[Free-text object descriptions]

·····

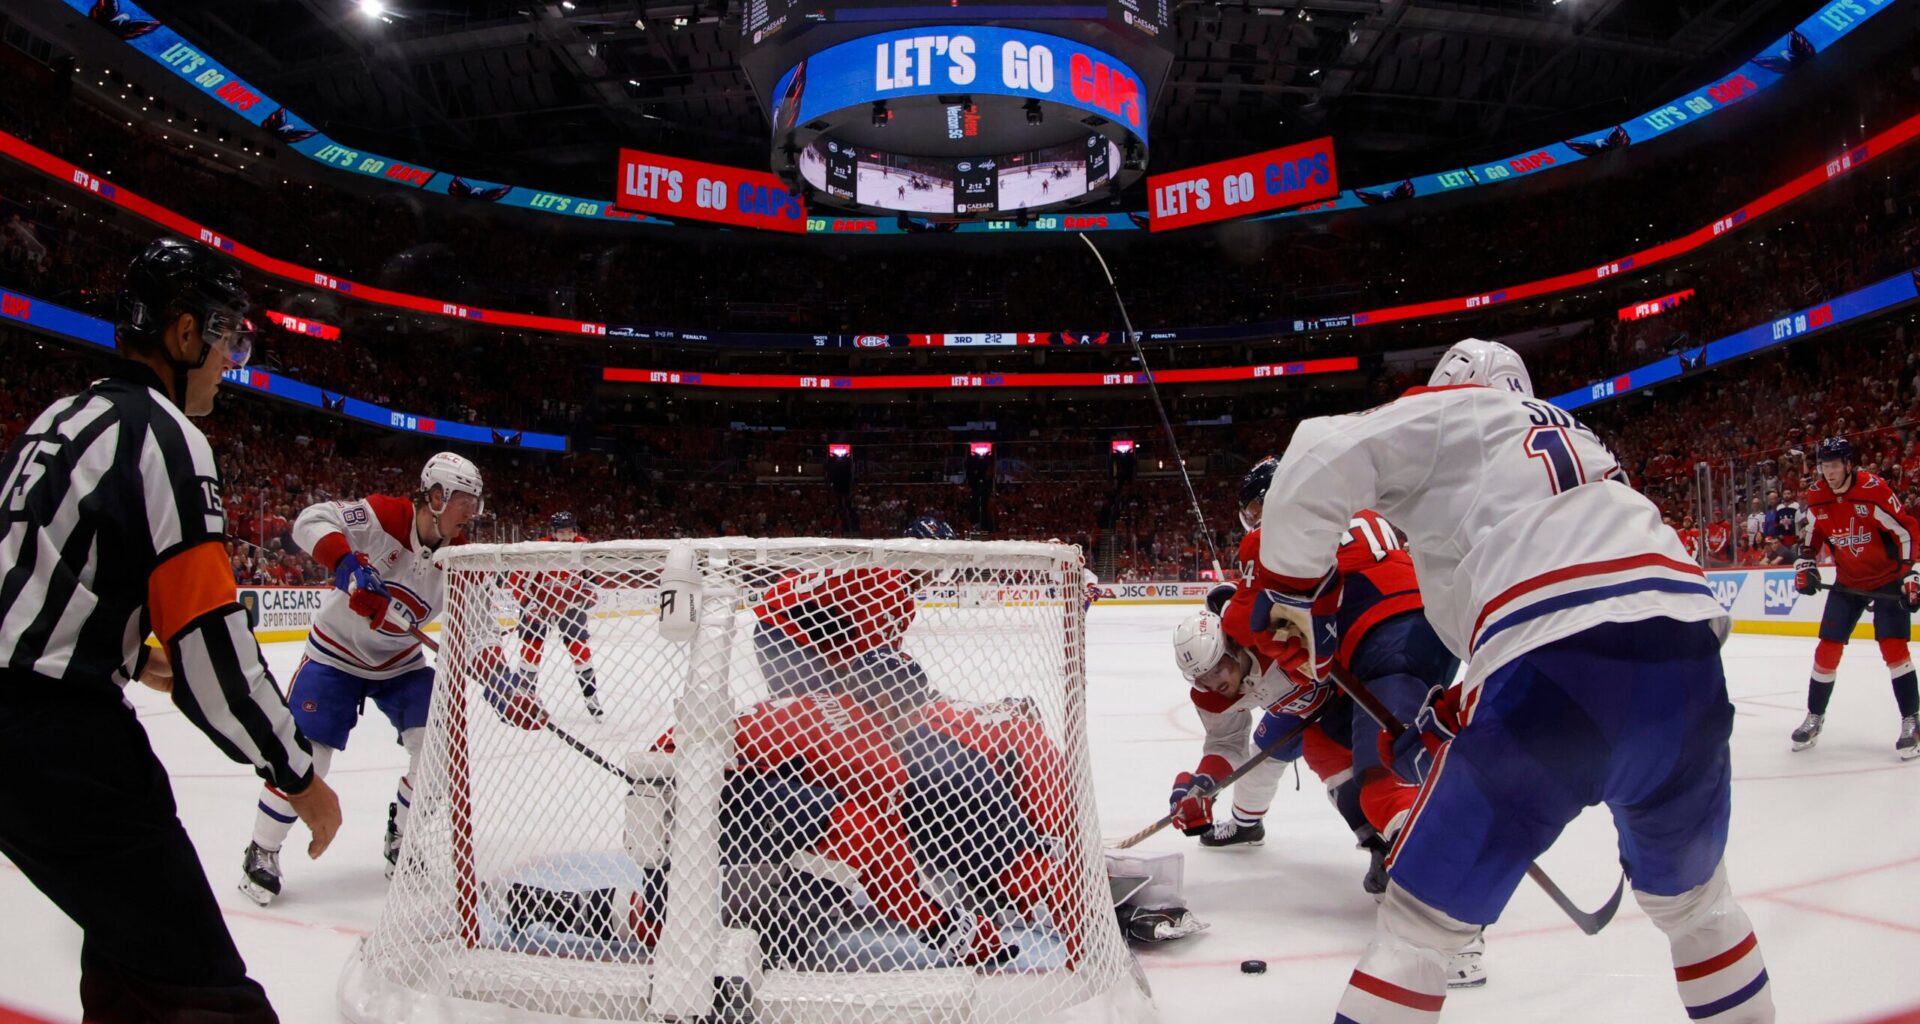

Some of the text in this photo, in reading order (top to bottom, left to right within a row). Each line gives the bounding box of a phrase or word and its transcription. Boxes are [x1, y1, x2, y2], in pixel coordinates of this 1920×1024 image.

[762, 15, 787, 34] CAESARS
[1819, 0, 1866, 31] LET'S
[1133, 16, 1158, 34] CAESARS
[160, 42, 262, 111] LET'S GO CAPS
[876, 36, 1140, 127] LET'S GO CAPS
[1644, 74, 1757, 130] LET'S GO CAPS
[947, 106, 963, 138] Verizon 5G
[314, 145, 433, 186] LET'S GO CAPS
[1437, 151, 1556, 188] LET'S GO CAPS
[985, 177, 990, 186] 3
[1155, 152, 1329, 218] LET'S GO CAPS
[626, 163, 801, 220] LET'S GO CAPS
[530, 194, 571, 211] LET'S
[575, 202, 598, 215] GO
[807, 220, 877, 232] GO CAPS
[1036, 218, 1056, 230] GO
[1063, 216, 1108, 229] CAPS
[2, 293, 30, 320] CAPS
[1773, 304, 1833, 340] LET'S GO CAPS
[925, 335, 931, 344] 1
[985, 334, 1002, 343] 2:12
[1028, 334, 1035, 343] 3
[240, 368, 249, 384] GO
[251, 370, 270, 390] CAPS
[650, 372, 667, 382] LET'S
[670, 374, 680, 383] GO
[1103, 375, 1120, 385] LET'S
[1124, 376, 1133, 384] GO
[1254, 367, 1270, 377] LET'S
[1274, 367, 1283, 376] GO
[800, 378, 817, 387] LET'S
[820, 379, 830, 388] GO
[952, 377, 969, 386] LET'S
[972, 377, 982, 386] GO
[1507, 377, 1523, 392] 14
[1592, 383, 1605, 399] LET'S
[1606, 382, 1614, 396] GO
[391, 411, 405, 428] LET'S
[407, 417, 416, 429] GO
[200, 481, 223, 512] 15
[262, 590, 322, 610] CAESARS
[1183, 586, 1208, 596] ESPN
[1711, 580, 1738, 607] SAP
[1765, 579, 1798, 608] SAP
[263, 612, 312, 628] SPORTSBOOK
[1184, 651, 1192, 662] 11
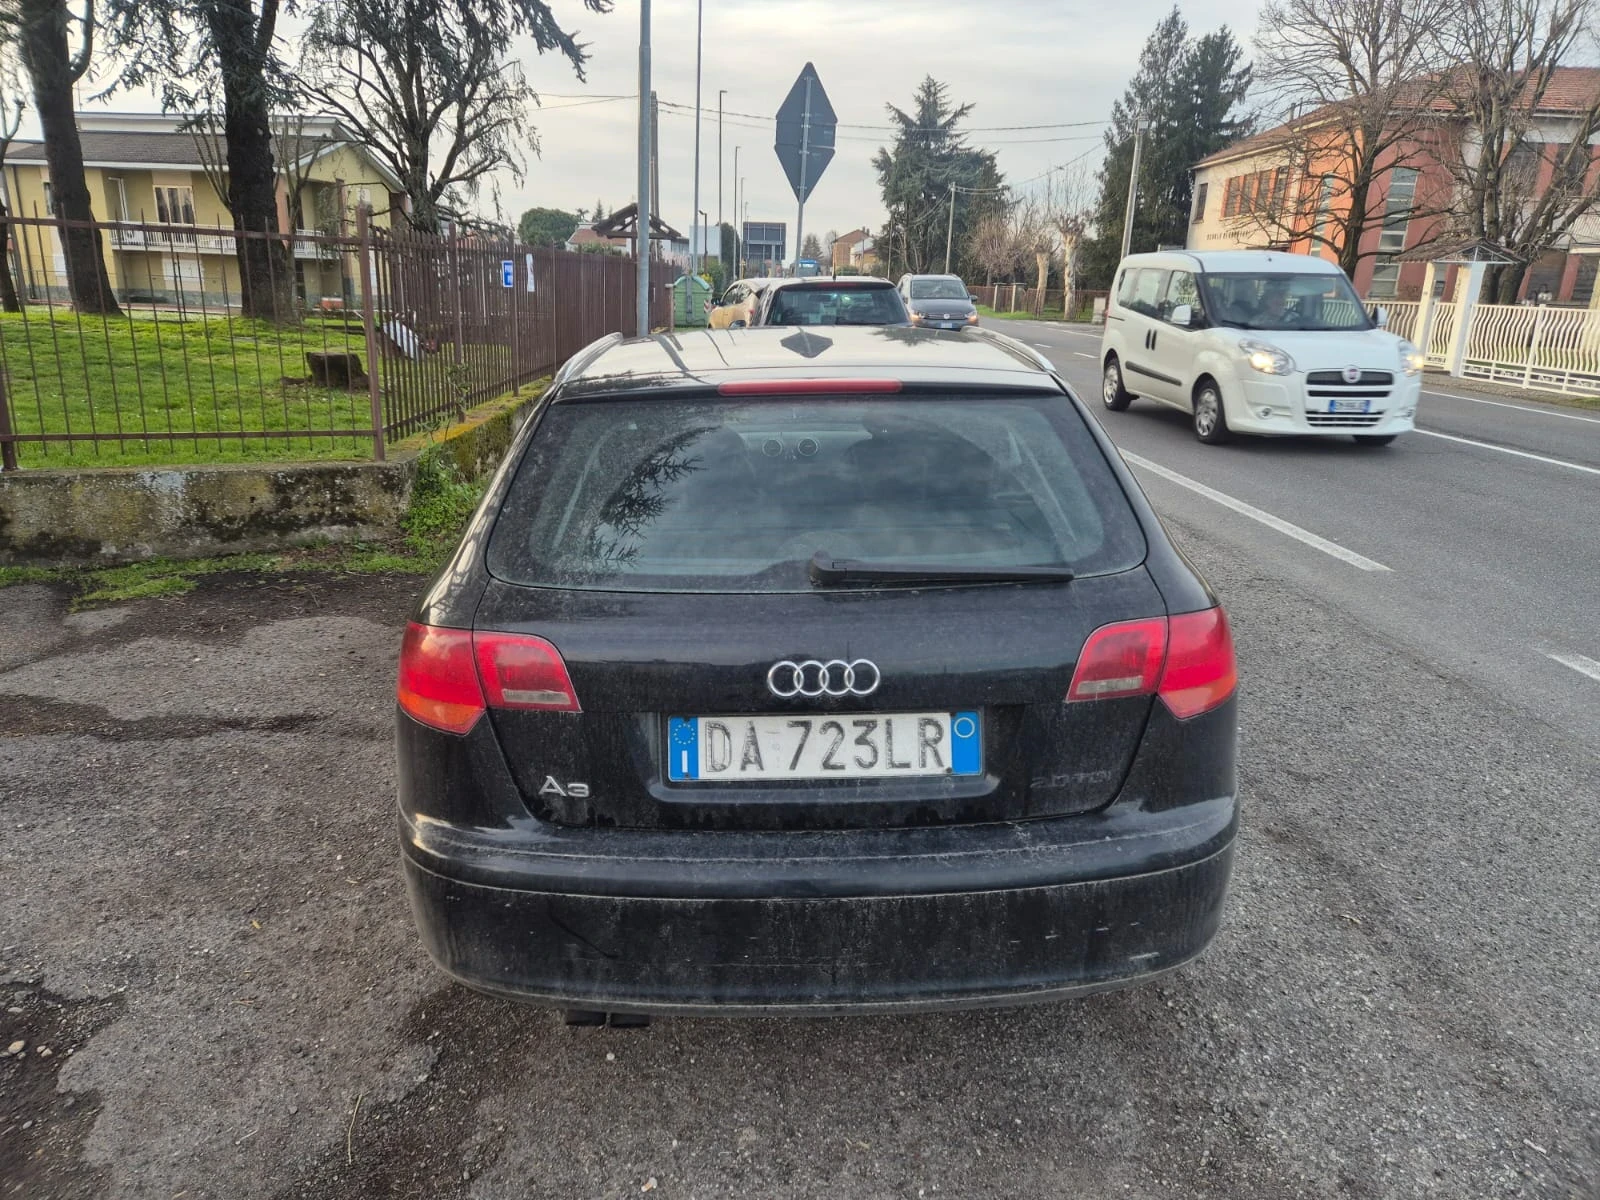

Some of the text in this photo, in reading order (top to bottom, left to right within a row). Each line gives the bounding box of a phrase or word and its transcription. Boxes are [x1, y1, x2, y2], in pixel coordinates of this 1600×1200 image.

[704, 716, 945, 773] DA 723LR
[538, 775, 590, 798] A3
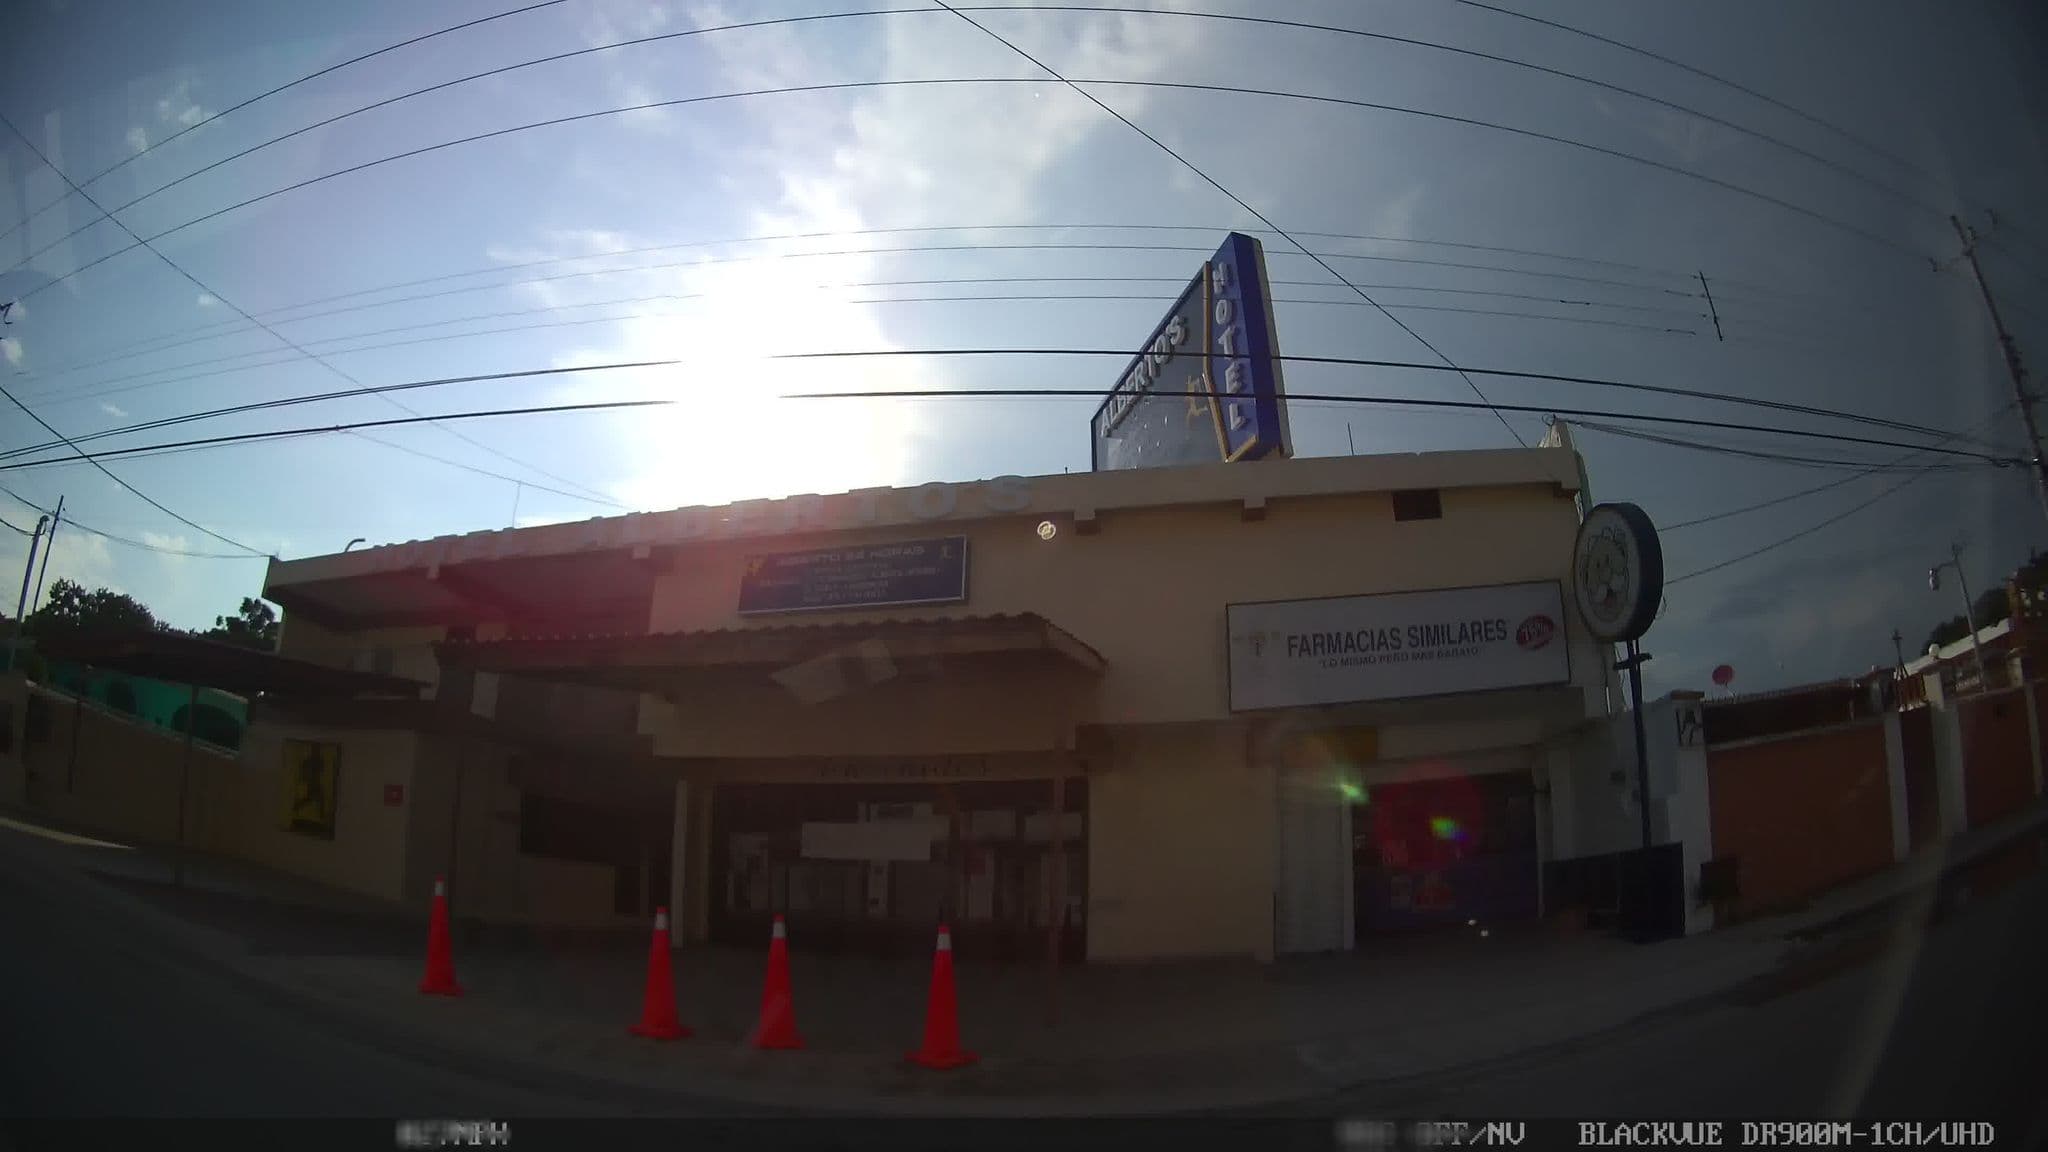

·····

● **PROBLEM STATEMENT**
Type out all the records verbatim, minus images.

● **EXERCISE RESULT**
Some of the text in this photo, in reading order (top to bottom, left to right within a row). Each line gives the bounding box of a phrase or word and its transcription. Boxes are [x1, y1, x2, y2], in pixel coordinates of this 1920×1024 image.

[762, 15, 787, 34] CAESARS
[1819, 0, 1866, 31] LET'S
[1133, 16, 1158, 34] CAESARS
[160, 42, 262, 111] LET'S GO CAPS
[876, 36, 1140, 127] LET'S GO CAPS
[1644, 74, 1757, 130] LET'S GO CAPS
[947, 106, 963, 138] Verizon 5G
[314, 145, 433, 186] LET'S GO CAPS
[1437, 151, 1556, 188] LET'S GO CAPS
[985, 177, 990, 186] 3
[1155, 152, 1329, 218] LET'S GO CAPS
[626, 163, 801, 220] LET'S GO CAPS
[530, 194, 571, 211] LET'S
[575, 202, 598, 215] GO
[807, 220, 877, 232] GO CAPS
[1036, 218, 1056, 230] GO
[1063, 216, 1108, 229] CAPS
[2, 293, 30, 320] CAPS
[1773, 304, 1833, 340] LET'S GO CAPS
[925, 335, 931, 344] 1
[985, 334, 1002, 343] 2:12
[1028, 334, 1035, 343] 3
[240, 368, 249, 384] GO
[251, 370, 270, 390] CAPS
[650, 372, 667, 382] LET'S
[670, 374, 680, 383] GO
[1103, 375, 1120, 385] LET'S
[1124, 376, 1133, 384] GO
[1254, 367, 1270, 377] LET'S
[1274, 367, 1283, 376] GO
[800, 378, 817, 387] LET'S
[820, 379, 830, 388] GO
[952, 377, 969, 386] LET'S
[972, 377, 982, 386] GO
[1507, 377, 1523, 392] 14
[1592, 383, 1605, 399] LET'S
[1606, 382, 1614, 396] GO
[391, 411, 405, 428] LET'S
[407, 417, 416, 429] GO
[200, 481, 223, 512] 15
[262, 590, 322, 610] CAESARS
[1183, 586, 1208, 596] ESPN
[1711, 580, 1738, 607] SAP
[1765, 579, 1798, 608] SAP
[263, 612, 312, 628] SPORTSBOOK
[1184, 651, 1192, 662] 11

Some of the text in this photo, in reading order (top to bottom, left to right within a row). Each line gives the bounding box of a phrase or word and its transcription. Boxes are [x1, y1, x2, y2], in pixel coordinates of this 1600×1200 image.

[704, 716, 945, 773] DA 723LR
[538, 775, 590, 798] A3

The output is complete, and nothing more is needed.